WORK ITEM:
A faithful, complete copy of the entries is the sole expected answer.

START RECORDS FOR PROCESSING

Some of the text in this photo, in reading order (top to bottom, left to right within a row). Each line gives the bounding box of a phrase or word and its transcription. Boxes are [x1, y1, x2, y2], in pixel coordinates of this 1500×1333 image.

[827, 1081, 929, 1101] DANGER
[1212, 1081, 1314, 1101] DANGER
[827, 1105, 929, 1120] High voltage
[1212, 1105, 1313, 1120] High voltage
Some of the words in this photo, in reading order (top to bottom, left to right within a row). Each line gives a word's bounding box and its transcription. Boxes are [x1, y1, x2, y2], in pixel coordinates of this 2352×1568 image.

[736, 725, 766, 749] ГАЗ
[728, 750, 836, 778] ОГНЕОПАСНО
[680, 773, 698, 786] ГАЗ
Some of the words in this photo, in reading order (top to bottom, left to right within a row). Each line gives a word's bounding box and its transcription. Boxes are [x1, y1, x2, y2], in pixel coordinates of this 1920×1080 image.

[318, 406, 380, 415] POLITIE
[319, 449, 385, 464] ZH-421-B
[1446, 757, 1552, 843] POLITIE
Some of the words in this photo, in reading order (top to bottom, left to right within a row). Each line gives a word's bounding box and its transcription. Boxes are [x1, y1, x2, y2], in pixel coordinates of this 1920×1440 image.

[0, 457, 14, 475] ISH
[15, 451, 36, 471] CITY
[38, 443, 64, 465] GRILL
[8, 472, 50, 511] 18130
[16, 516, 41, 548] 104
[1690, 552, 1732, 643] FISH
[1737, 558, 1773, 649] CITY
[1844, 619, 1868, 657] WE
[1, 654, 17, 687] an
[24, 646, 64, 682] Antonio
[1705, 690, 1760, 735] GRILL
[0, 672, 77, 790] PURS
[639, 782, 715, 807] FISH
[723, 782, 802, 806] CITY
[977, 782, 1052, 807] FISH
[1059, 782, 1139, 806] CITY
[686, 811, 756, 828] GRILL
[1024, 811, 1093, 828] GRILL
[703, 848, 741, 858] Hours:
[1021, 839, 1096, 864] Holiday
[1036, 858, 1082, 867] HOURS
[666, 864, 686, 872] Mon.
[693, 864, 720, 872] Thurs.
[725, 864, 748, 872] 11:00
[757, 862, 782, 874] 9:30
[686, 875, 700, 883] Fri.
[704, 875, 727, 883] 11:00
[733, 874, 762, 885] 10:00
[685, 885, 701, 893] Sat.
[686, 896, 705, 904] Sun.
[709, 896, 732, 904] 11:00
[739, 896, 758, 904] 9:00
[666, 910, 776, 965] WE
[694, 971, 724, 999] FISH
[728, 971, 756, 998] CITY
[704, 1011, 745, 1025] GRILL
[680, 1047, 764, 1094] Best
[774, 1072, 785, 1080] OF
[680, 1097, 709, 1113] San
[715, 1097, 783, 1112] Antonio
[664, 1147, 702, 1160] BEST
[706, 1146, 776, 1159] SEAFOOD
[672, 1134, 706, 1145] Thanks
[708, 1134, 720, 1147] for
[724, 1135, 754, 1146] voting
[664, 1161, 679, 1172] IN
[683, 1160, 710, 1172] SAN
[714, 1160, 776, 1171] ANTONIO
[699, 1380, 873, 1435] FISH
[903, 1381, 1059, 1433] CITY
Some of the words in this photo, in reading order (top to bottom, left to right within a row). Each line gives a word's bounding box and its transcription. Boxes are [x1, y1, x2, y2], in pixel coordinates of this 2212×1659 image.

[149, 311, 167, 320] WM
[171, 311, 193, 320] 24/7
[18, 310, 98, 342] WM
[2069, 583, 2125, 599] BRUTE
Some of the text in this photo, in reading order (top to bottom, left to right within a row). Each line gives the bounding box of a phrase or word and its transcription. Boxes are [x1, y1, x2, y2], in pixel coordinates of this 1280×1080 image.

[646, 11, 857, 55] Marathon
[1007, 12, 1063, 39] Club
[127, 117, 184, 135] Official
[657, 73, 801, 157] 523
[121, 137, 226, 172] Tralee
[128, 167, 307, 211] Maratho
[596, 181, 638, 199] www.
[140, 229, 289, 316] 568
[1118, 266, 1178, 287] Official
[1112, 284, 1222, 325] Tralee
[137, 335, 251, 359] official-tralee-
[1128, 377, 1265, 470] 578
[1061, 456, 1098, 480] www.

END RECORDS FOR PROCESSING

OUTPUT OF THE TASK:
Some of the text in this photo, in reading order (top to bottom, left to right within a row). Each line gives the bounding box of a phrase or word and its transcription. Boxes are [x1, y1, x2, y2], in pixel coordinates of this 1500×1333 image.

[827, 1081, 929, 1101] DANGER
[1212, 1081, 1314, 1101] DANGER
[827, 1105, 929, 1120] High voltage
[1212, 1105, 1313, 1120] High voltage
Some of the words in this photo, in reading order (top to bottom, left to right within a row). Each line gives a word's bounding box and its transcription. Boxes are [x1, y1, x2, y2], in pixel coordinates of this 2352×1568 image.

[736, 725, 766, 749] ГАЗ
[728, 750, 836, 778] ОГНЕОПАСНО
[680, 773, 698, 786] ГАЗ
Some of the words in this photo, in reading order (top to bottom, left to right within a row). Each line gives a word's bounding box and its transcription. Boxes are [x1, y1, x2, y2], in pixel coordinates of this 1920×1080 image.

[318, 406, 380, 415] POLITIE
[319, 449, 385, 464] ZH-421-B
[1446, 757, 1552, 843] POLITIE
Some of the words in this photo, in reading order (top to bottom, left to right within a row). Each line gives a word's bounding box and its transcription. Boxes are [x1, y1, x2, y2], in pixel coordinates of this 1920×1440 image.

[0, 457, 14, 475] ISH
[15, 451, 36, 471] CITY
[38, 443, 64, 465] GRILL
[8, 472, 50, 511] 18130
[16, 516, 41, 548] 104
[1690, 552, 1732, 643] FISH
[1737, 558, 1773, 649] CITY
[1844, 619, 1868, 657] WE
[1, 654, 17, 687] an
[24, 646, 64, 682] Antonio
[1705, 690, 1760, 735] GRILL
[0, 672, 77, 790] PURS
[639, 782, 715, 807] FISH
[723, 782, 802, 806] CITY
[977, 782, 1052, 807] FISH
[1059, 782, 1139, 806] CITY
[686, 811, 756, 828] GRILL
[1024, 811, 1093, 828] GRILL
[703, 848, 741, 858] Hours:
[1021, 839, 1096, 864] Holiday
[1036, 858, 1082, 867] HOURS
[666, 864, 686, 872] Mon.
[693, 864, 720, 872] Thurs.
[725, 864, 748, 872] 11:00
[757, 862, 782, 874] 9:30
[686, 875, 700, 883] Fri.
[704, 875, 727, 883] 11:00
[733, 874, 762, 885] 10:00
[685, 885, 701, 893] Sat.
[686, 896, 705, 904] Sun.
[709, 896, 732, 904] 11:00
[739, 896, 758, 904] 9:00
[666, 910, 776, 965] WE
[694, 971, 724, 999] FISH
[728, 971, 756, 998] CITY
[704, 1011, 745, 1025] GRILL
[680, 1047, 764, 1094] Best
[774, 1072, 785, 1080] OF
[680, 1097, 709, 1113] San
[715, 1097, 783, 1112] Antonio
[664, 1147, 702, 1160] BEST
[706, 1146, 776, 1159] SEAFOOD
[672, 1134, 706, 1145] Thanks
[708, 1134, 720, 1147] for
[724, 1135, 754, 1146] voting
[664, 1161, 679, 1172] IN
[683, 1160, 710, 1172] SAN
[714, 1160, 776, 1171] ANTONIO
[699, 1380, 873, 1435] FISH
[903, 1381, 1059, 1433] CITY
Some of the words in this photo, in reading order (top to bottom, left to right within a row). Each line gives a word's bounding box and its transcription. Boxes are [x1, y1, x2, y2], in pixel coordinates of this 2212×1659 image.

[149, 311, 167, 320] WM
[171, 311, 193, 320] 24/7
[18, 310, 98, 342] WM
[2069, 583, 2125, 599] BRUTE
Some of the text in this photo, in reading order (top to bottom, left to right within a row). Each line gives the bounding box of a phrase or word and its transcription. Boxes are [x1, y1, x2, y2], in pixel coordinates of this 1280×1080 image.

[646, 11, 857, 55] Marathon
[1007, 12, 1063, 39] Club
[127, 117, 184, 135] Official
[657, 73, 801, 157] 523
[121, 137, 226, 172] Tralee
[128, 167, 307, 211] Maratho
[596, 181, 638, 199] www.
[140, 229, 289, 316] 568
[1118, 266, 1178, 287] Official
[1112, 284, 1222, 325] Tralee
[137, 335, 251, 359] official-tralee-
[1128, 377, 1265, 470] 578
[1061, 456, 1098, 480] www.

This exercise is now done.